8. The apparatus of claim 1 wherein the information characterizing the cell types of the biopsy sample independent of the spatial transcriptomics data are text descriptions of the biopsy sample by a clinician.
9. The apparatus of claim 1 further including a correlator receiving the spatial transcriptomics data to assess gene-gene correlations and cell-to-cell communication; and
wherein the machine learning system further receives cell-to-cell communication data; and
wherein the training set of multiple training biopsy samples include cell-to-cell communication data.
10. The apparatus of claim 1 wherein the information characterizing cell types of the biopsy sample independent of the spatial transcriptomics data include at least one of organ type and disease type.
11. The apparatus of claim 1 further providing a display displaying the spatial transcriptomics data and information characterizing the cell types of the biopsy sample together with spatial transcriptomics data information characterizing the cell type of at least one training biopsy sample.

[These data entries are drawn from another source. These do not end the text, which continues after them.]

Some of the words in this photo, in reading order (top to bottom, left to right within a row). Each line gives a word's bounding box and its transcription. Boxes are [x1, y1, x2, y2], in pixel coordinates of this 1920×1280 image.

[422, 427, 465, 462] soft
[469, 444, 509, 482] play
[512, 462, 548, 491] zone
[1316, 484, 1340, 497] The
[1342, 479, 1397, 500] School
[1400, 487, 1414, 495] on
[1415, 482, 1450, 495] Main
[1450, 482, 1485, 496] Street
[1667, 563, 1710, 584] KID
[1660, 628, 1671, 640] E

12. The apparatus for displaying spatial transcriptomics data comprising:
a first input for receiving first data including spatial transcriptomics data for a biopsy sample providing gene expression data linked to a spatial location in the sample;
a second input receiving second data providing a stained image of the biopsy sample;
a graphic display; and
a display controller executing a program contained in stored memory to:
(1) simultaneously display a spatial representation of the spatial transcriptomics data and the stained image;
(2) provide a cursor operating to identify portions of the spatial representation of the spatial transcriptomics data and stained image having a same location in the biopsy sample; and
(3) provide gene expression data specific to the portion of the spatial representation of the spatial transcriptomics data.

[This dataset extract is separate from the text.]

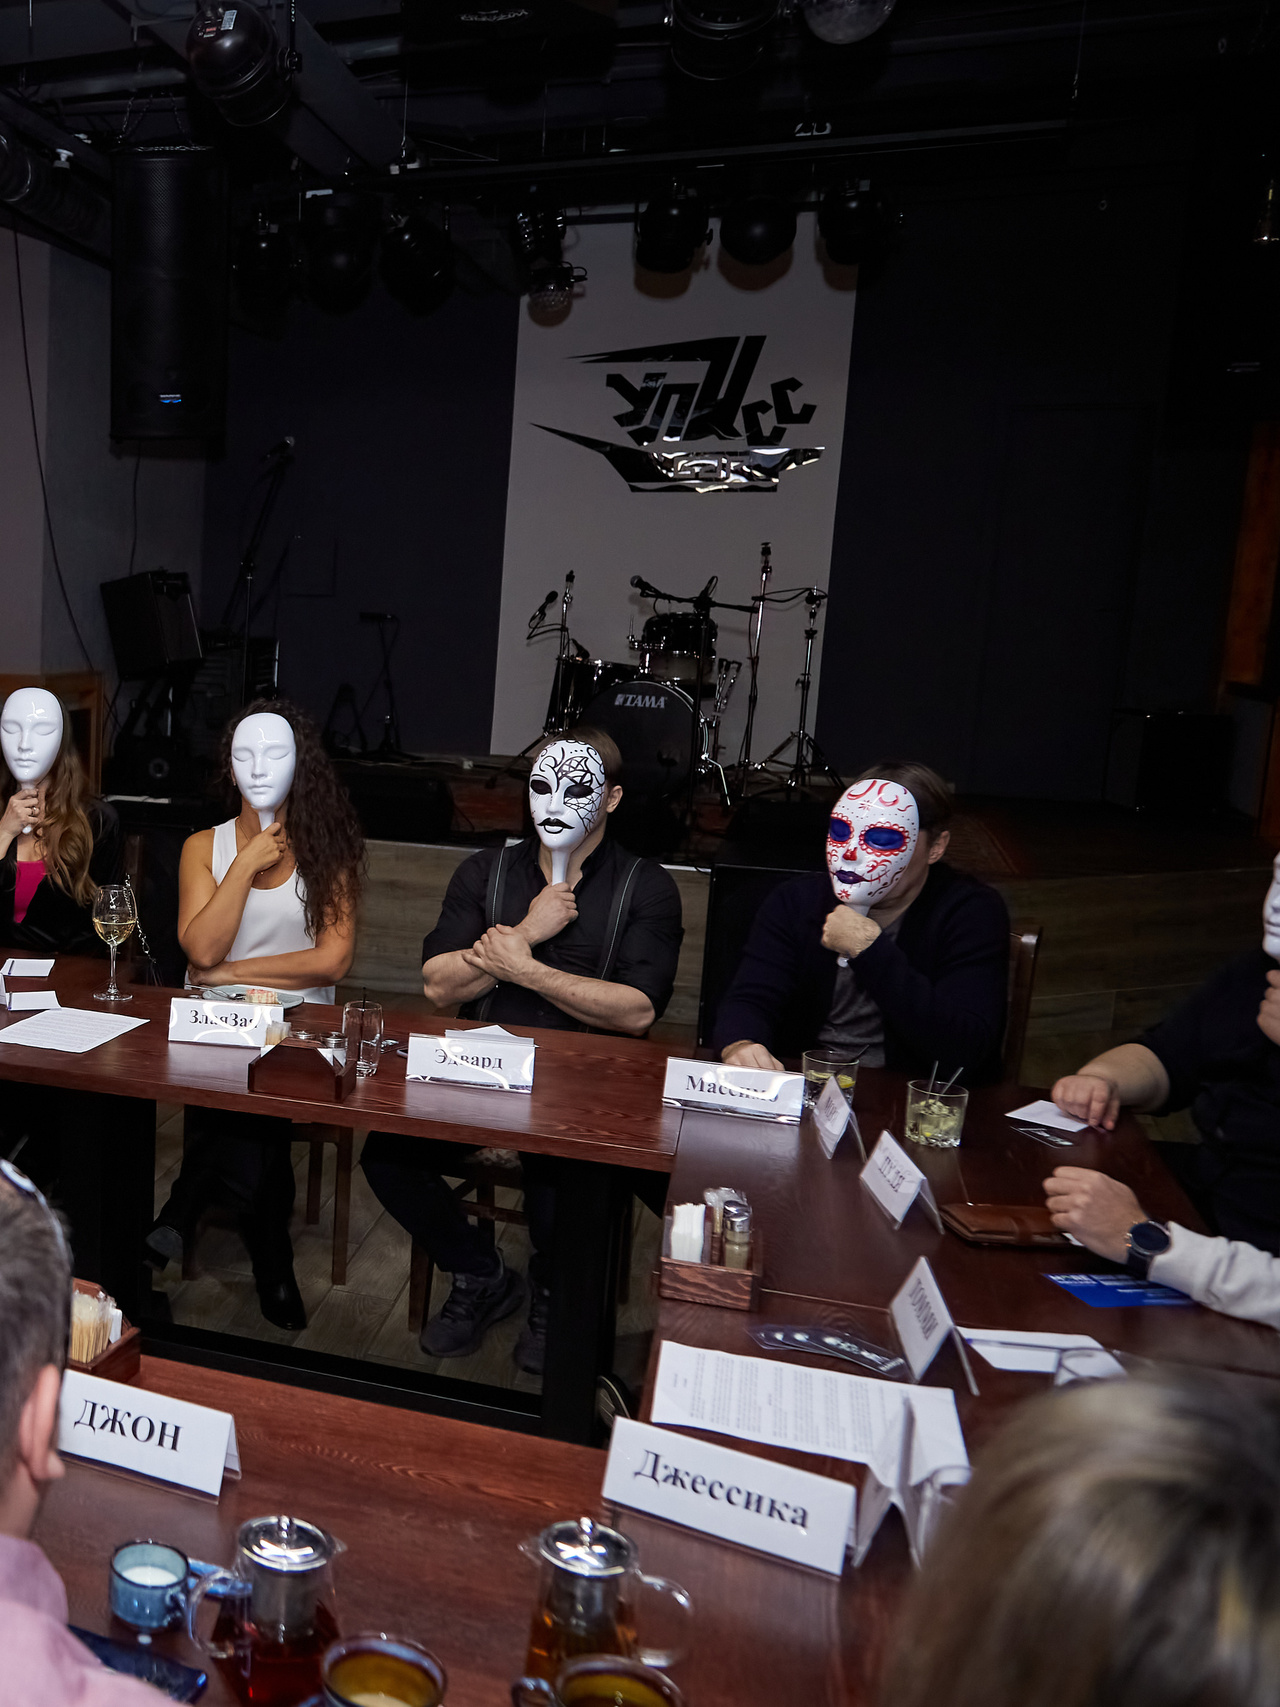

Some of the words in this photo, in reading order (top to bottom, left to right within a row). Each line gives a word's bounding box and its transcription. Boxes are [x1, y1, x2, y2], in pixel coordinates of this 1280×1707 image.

[623, 693, 665, 709] TAMA
[434, 1048, 503, 1070] Эдвард
[73, 1398, 183, 1452] ДЖОН
[633, 1449, 810, 1529] Джессика

13. The apparatus of claim 12 wherein the spatial representation of the spatial transcriptomics data is collected into clusters based on gene expression and wherein the display controller further receives a cluster selection input to display only selected clusters in the gene expression data specific to the portion of the spatial representation of the spatial transcriptomics data.
14. The apparatus for displaying spatial transcriptomics data comprising:
a first input for receiving first data including spatial transcriptomics data for a first biopsy sample providing gene expression data linked to a spatial location in the sample;
a second input receiving second data indicating spatial transcriptomics data for a second biopsy sample providing gene expression linked to spatial locations in the sample;
a third input for receiving at least one identification of an expressed gene within a set of expressed genes of the first biopsy sample and second biopsy sample;
a graphic display; and
a display controller executing a program contained in stored memory to:
(1) simultaneously display a spatial representation of the spatial transcriptomics data for the first biopsy sample and second biopsy sample; and
(2) display a relative expression of the expressed gene of the third input between the first biopsy sample and second biopsy sample.